Jim had an interesting problem with his mother-in-law's house. The 25 year old roof had no moss, ever. Then he re-shingled and the north and east sides have been constantly covered in moss. Why and what to do about it?
For a bit more money you can buy shingles that have chemicals in the shingles themselves that prevent the growth of moss. That's probably what Mom had on her roof before Jim re-shingled. Regular shingles don't cause the moss to grow, but they do allow it to grow.
To get rid of moss, first carefully scrape off any thick moss, without scraping hard on the shingles. Watch out, this is slippery stuff. Then use either a product specifically designed as a roof shingle cleaner, or a deck cleaner. But only use cleaners that have no bleach in them -- the non-bleach "restorers" for decks work well. You may need to use a soft-bristle brush and a hard spray of water. But be careful with power washers -- you could easily strip the granules off of the shingles so keep the pressure low. Let the chemicals and the flow of water do most of the work.
Moss can be kept off of roofs by attaching zinc strips near the top of the roof. The rain water will take minute quantities of zinc off these strips and the flow of this zinc solution over the roof will prevent any moss from getting started. It won't remove moss that is already established -- you have to clean that off -- but it will keep a clean roof moss-free. Nail the strip under the shingle, but let it stick out a couple of inches onto the open roof. You need to add strips below any obstructions that stop the water flow, like below chimneys and dormers.
The strips I showed on the show are called Shingle Shield and they offer the convenience of fitting neatly and snugly up to the shingle tabs. You can also find rolls of zinc to do the same job. On the West coast you can buy zinc pellets to scatter under the railings of decks for the same purpose. Although available in BC hardware stores, they are very difficult to find anyplace else. Apparently the stores think this is only a coastal problem. In the Montreal area both strips and pellets are available from roofing supply stores like Materiaux Dajet (Lachine) or any Roofmat location in Quebec. Here are two web sites that sell rolls of zinc by the post that are less expensive than the specialized zinc strips: ZincShield at zincshield.com and Award Metals in BC at AwardMetals.com. Also you might want to read a very interesting article about avoiding herbicides at www.Pesticide.org.
Yet Bill from Red Dear Alberta says that using zinc against moss is a farce: "Just caught the tail end of your spot on the weather network regarding roof moss. You suggested zinc strips. I can tell you from experience that the only people who get satisfaction from that solution are the sellers of zinc strips. I had it done on my cedar shake roof three years ago and did not have any reduction in the development of moss in the shady parts of the roof until I sprayed the areas with a dilute solution of chlorine bleach. Now that works and after a few weeks the stains from the bleach were not noticeable. Please don't delude your watchers with the zinc myth!"

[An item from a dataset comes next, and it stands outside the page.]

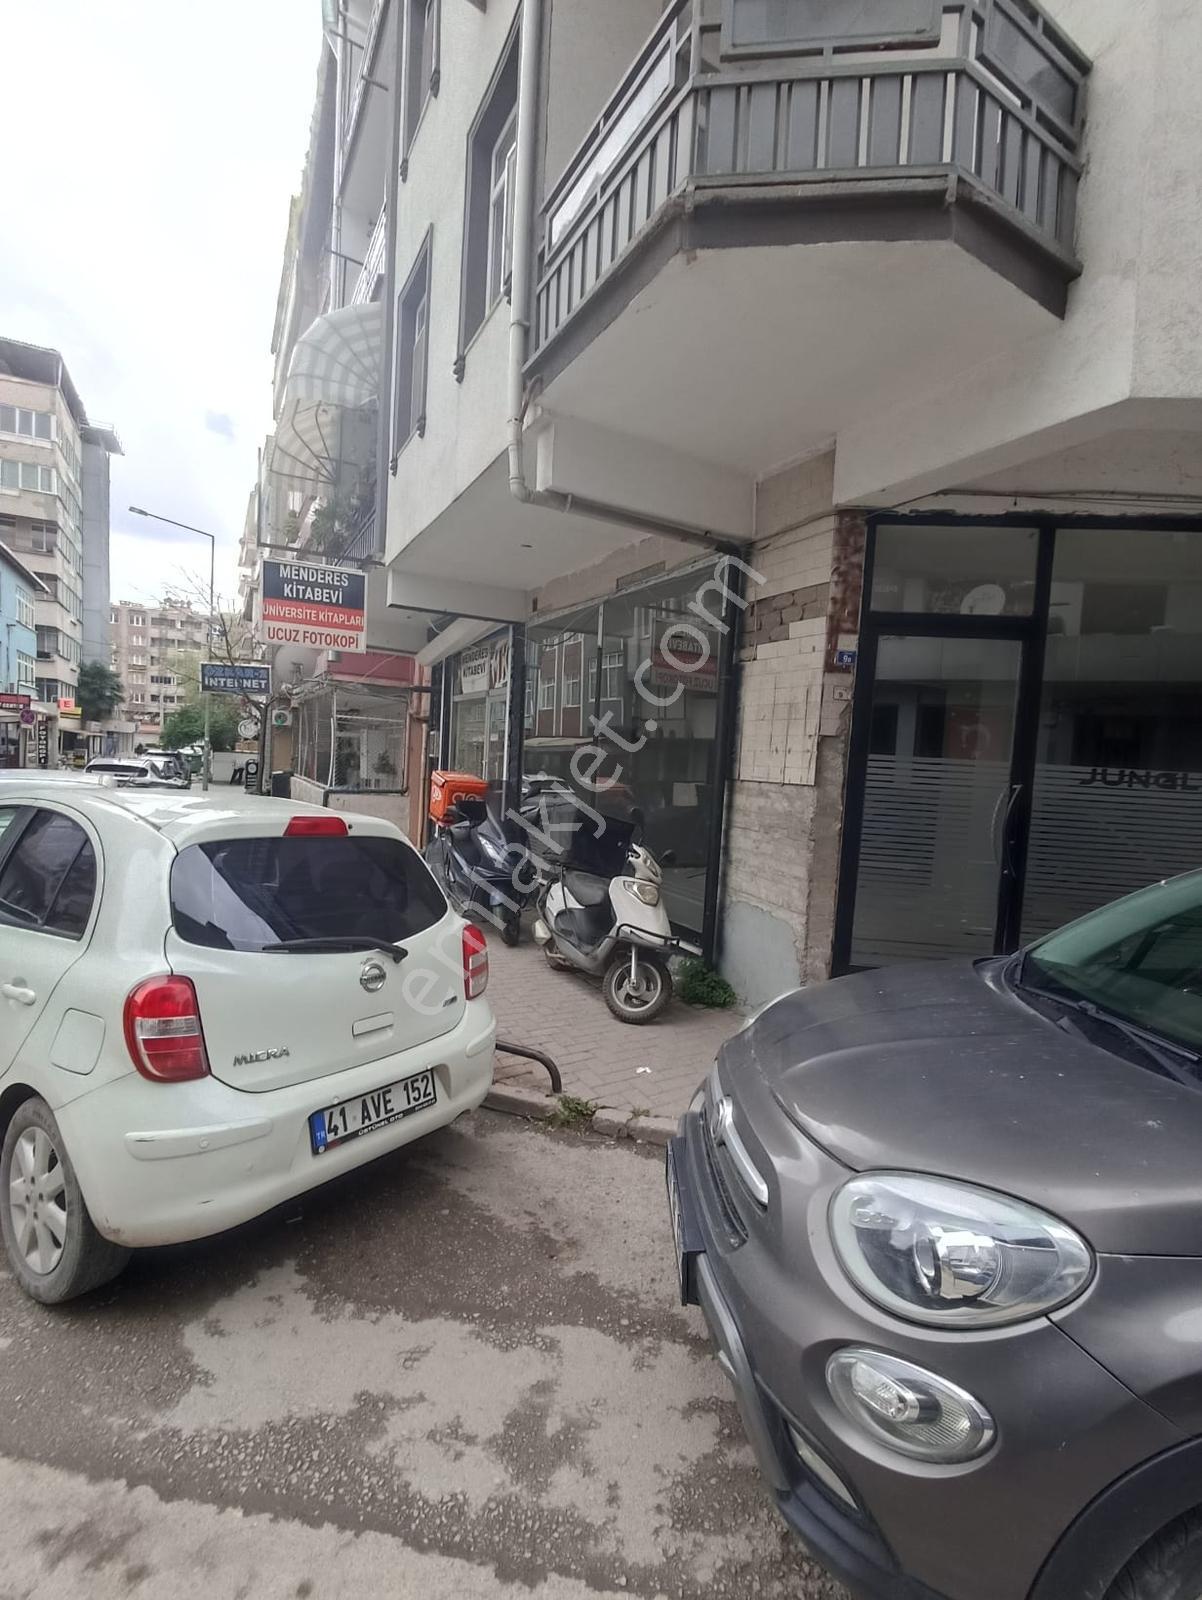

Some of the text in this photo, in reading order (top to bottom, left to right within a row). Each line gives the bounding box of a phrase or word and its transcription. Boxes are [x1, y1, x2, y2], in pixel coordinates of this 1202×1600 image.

Well Bill, This is one of those building science things that are very climate dependent. Zinc strips do in fact work wonders but they require abundant rain. Red Deer is almost a desert. You apparently do have enough shading and tree cover to grow moss, but not enough to activate the zinc strips. To get them to work in your area you would probably have to put a sprinkler on your roof. I can't recommend using the bleach because not only does it cause stains, it actually will degrade the protective oils in the cedar shakes or the asphalt in asphalt shingles, loosening up the protective gravel topping and shortening the life of your shingles. You might want to look at cutting back the trees to get the drying winds of your climate to keep your roof dry enough to not permit the growth of moss in the first place.